* Supplied material *

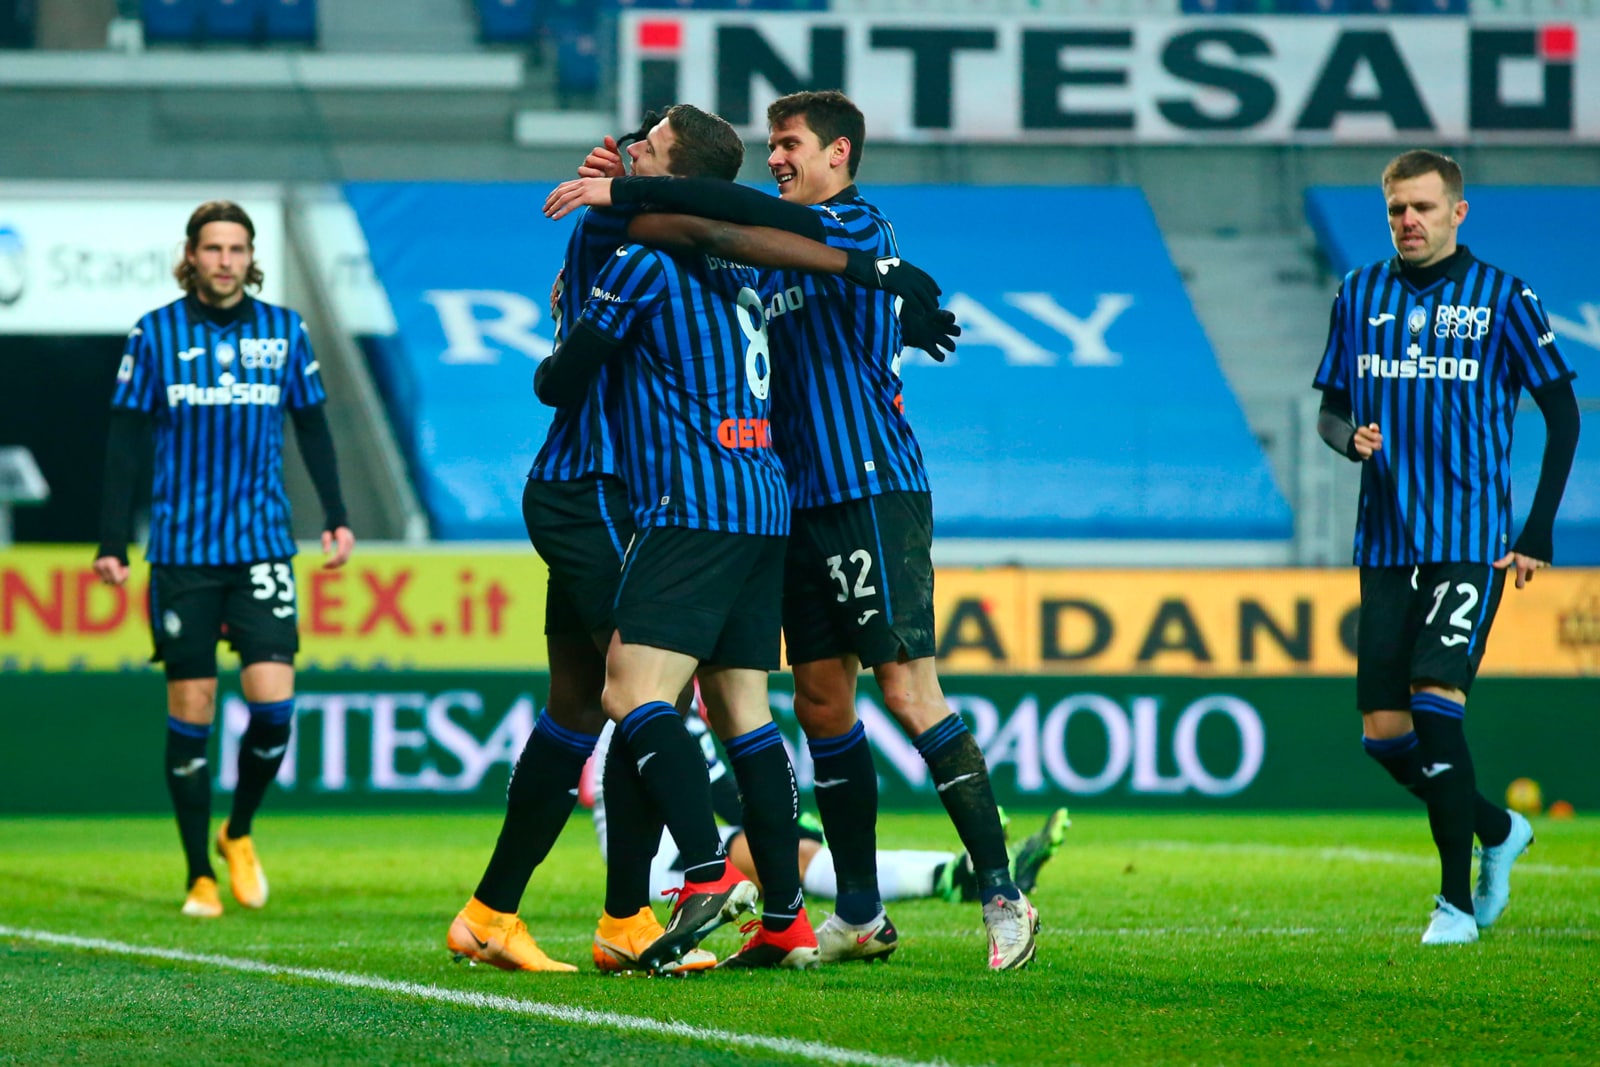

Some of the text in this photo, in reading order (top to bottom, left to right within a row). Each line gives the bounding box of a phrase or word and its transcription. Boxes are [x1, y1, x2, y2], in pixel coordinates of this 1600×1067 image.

[1434, 320, 1489, 340] GROUP
[1436, 305, 1491, 325] RADICI
[736, 287, 771, 400] 8
[1357, 353, 1479, 381] Plus500
[166, 382, 281, 408] Plus500
[250, 562, 294, 602] 33
[826, 549, 876, 602] 32
[1425, 580, 1479, 631] 72
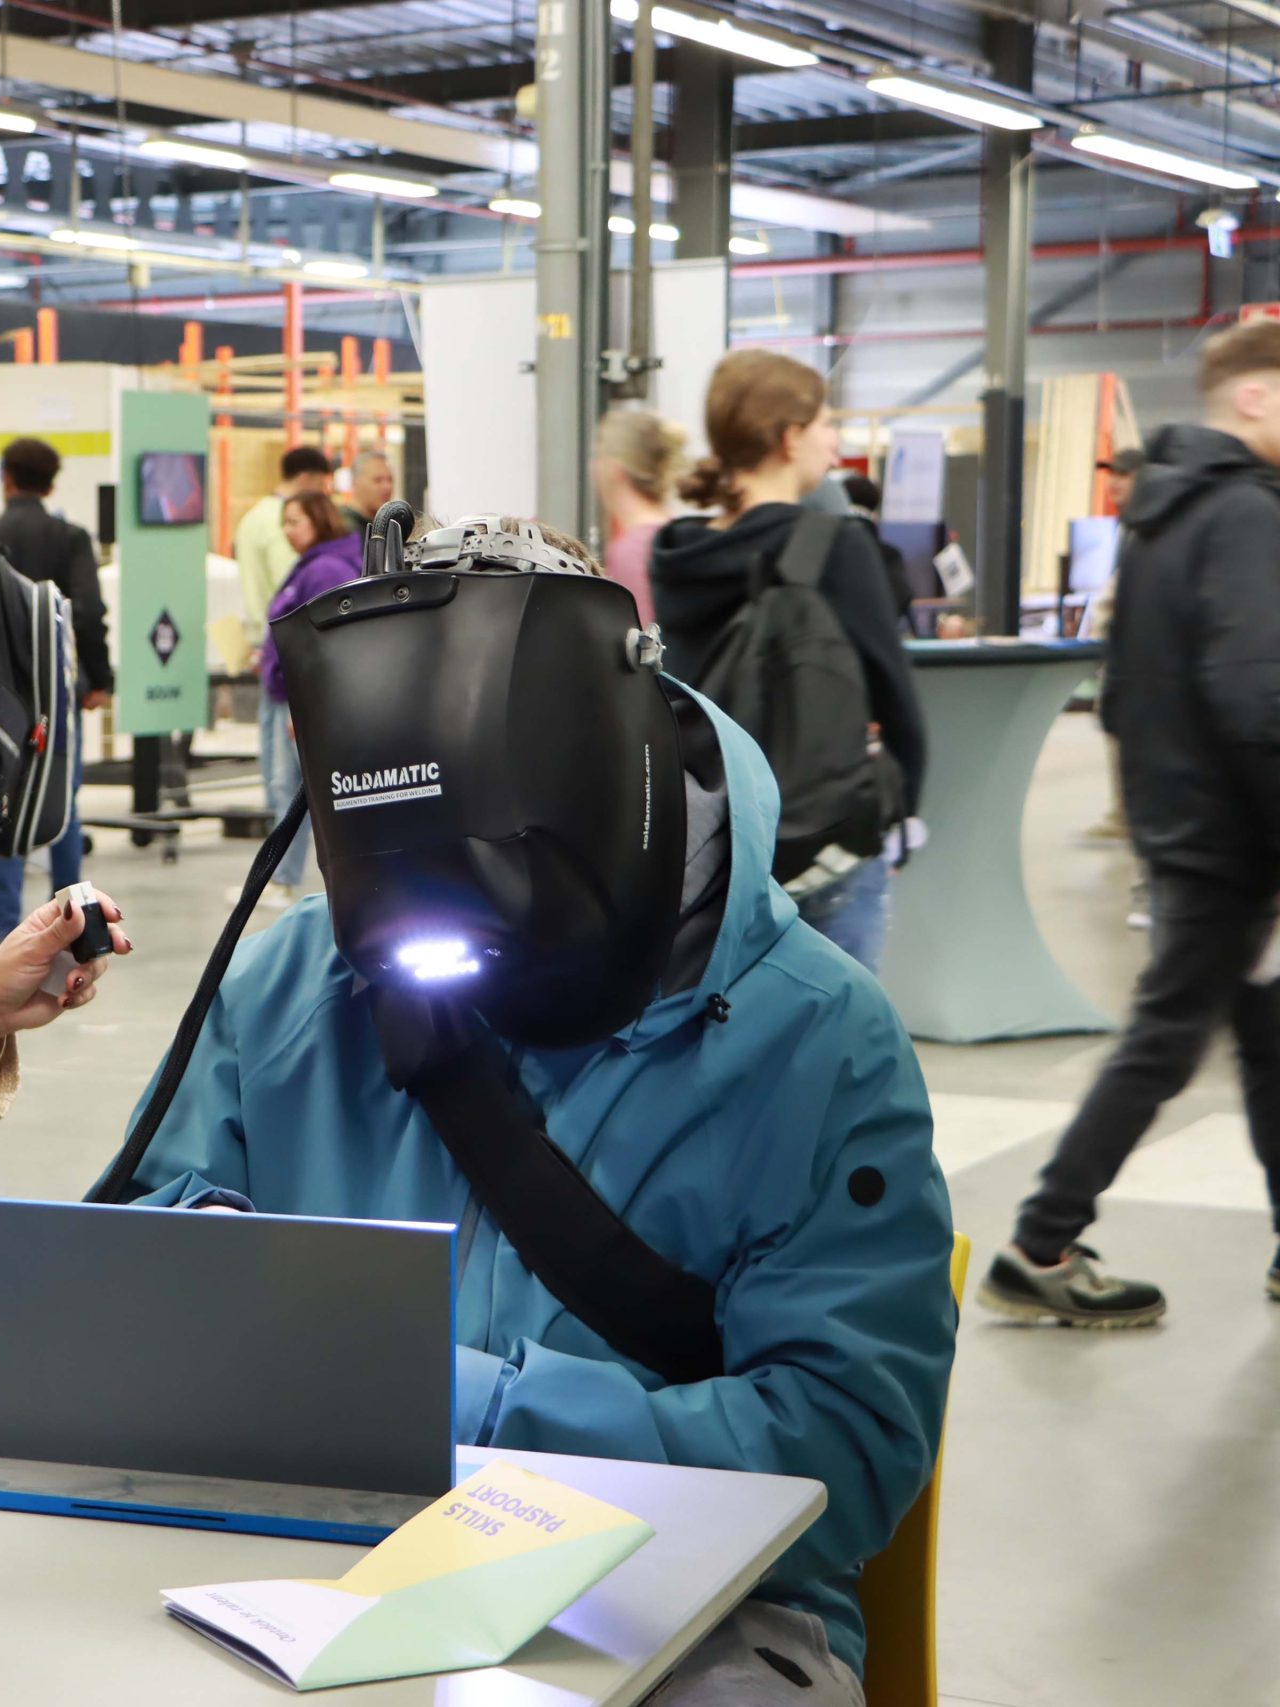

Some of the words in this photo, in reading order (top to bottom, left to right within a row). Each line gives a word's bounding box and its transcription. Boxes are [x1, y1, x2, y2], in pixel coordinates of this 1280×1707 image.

[336, 797, 368, 808] AUGMENTED
[368, 792, 396, 803] TRAINING
[396, 790, 409, 800] FOR
[409, 787, 439, 798] WELDING
[642, 743, 651, 850] soldamatic.com
[443, 1502, 505, 1536] SKILLS
[467, 1484, 566, 1533] PASPOORT
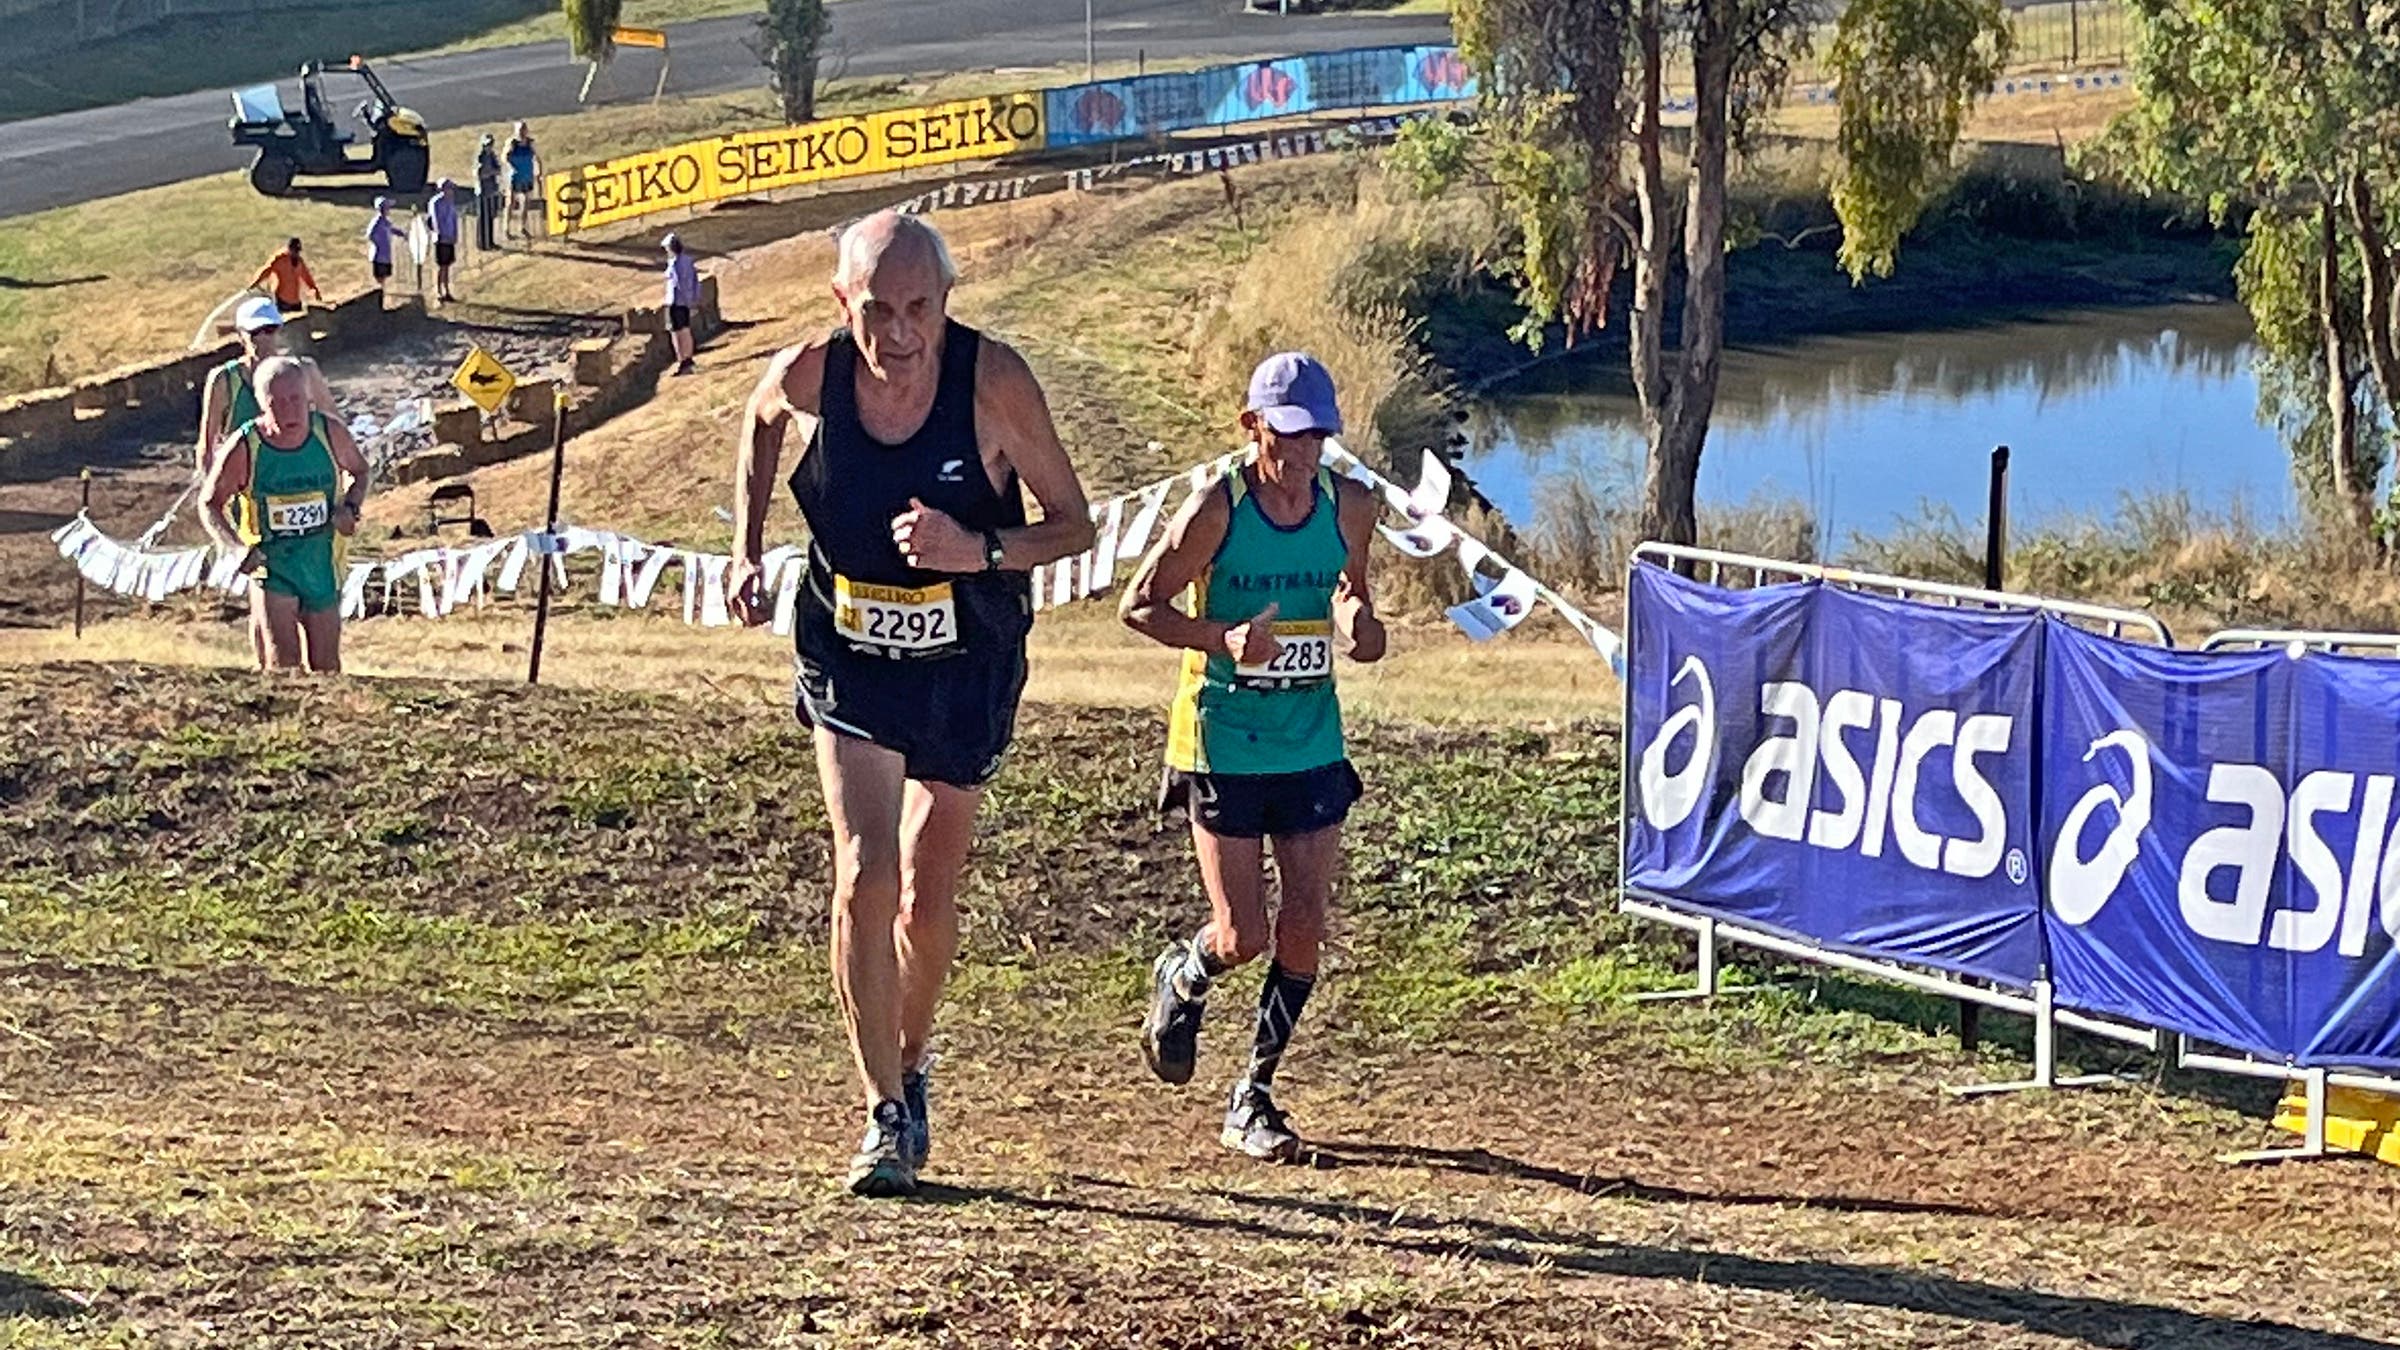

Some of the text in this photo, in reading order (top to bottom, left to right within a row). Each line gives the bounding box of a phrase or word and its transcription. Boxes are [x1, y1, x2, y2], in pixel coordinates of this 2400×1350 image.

[555, 100, 1040, 223] SEIKO SEIKO SEIKO
[286, 505, 325, 525] 2291
[1229, 570, 1339, 591] AUSTRALI
[867, 607, 947, 643] 2292
[1738, 682, 2013, 878] asics
[2177, 763, 2400, 958] asi

* The task *
All of the entries above should be copied exactly, with the images left out.

* Solution to this task *
Some of the text in this photo, in reading order (top to bottom, left to right within a row). Each line gives the bounding box of a phrase or word and its transcription. Boxes are [x1, y1, x2, y2], in pixel coordinates of this 1600×1067 image.

[1434, 320, 1489, 340] GROUP
[1436, 305, 1491, 325] RADICI
[736, 287, 771, 400] 8
[1357, 353, 1479, 381] Plus500
[166, 382, 281, 408] Plus500
[250, 562, 294, 602] 33
[826, 549, 876, 602] 32
[1425, 580, 1479, 631] 72

Some of the words in this photo, in reading order (top to bottom, left to right within a row). Each line gives a word's bounding box and its transcription. Boxes are [x1, y1, x2, y2], in pixel coordinates of this 1280×1707 image.

[336, 797, 368, 808] AUGMENTED
[368, 792, 396, 803] TRAINING
[396, 790, 409, 800] FOR
[409, 787, 439, 798] WELDING
[642, 743, 651, 850] soldamatic.com
[443, 1502, 505, 1536] SKILLS
[467, 1484, 566, 1533] PASPOORT

Some of the text in this photo, in reading order (top to bottom, left to right within a row). Each line gives the bounding box of a phrase or word and its transcription. Boxes are [x1, y1, x2, y2], in pixel coordinates of this 2400×1350 image.

[555, 100, 1040, 223] SEIKO SEIKO SEIKO
[286, 505, 325, 525] 2291
[1229, 570, 1339, 591] AUSTRALI
[867, 607, 947, 643] 2292
[1738, 682, 2013, 878] asics
[2177, 763, 2400, 958] asi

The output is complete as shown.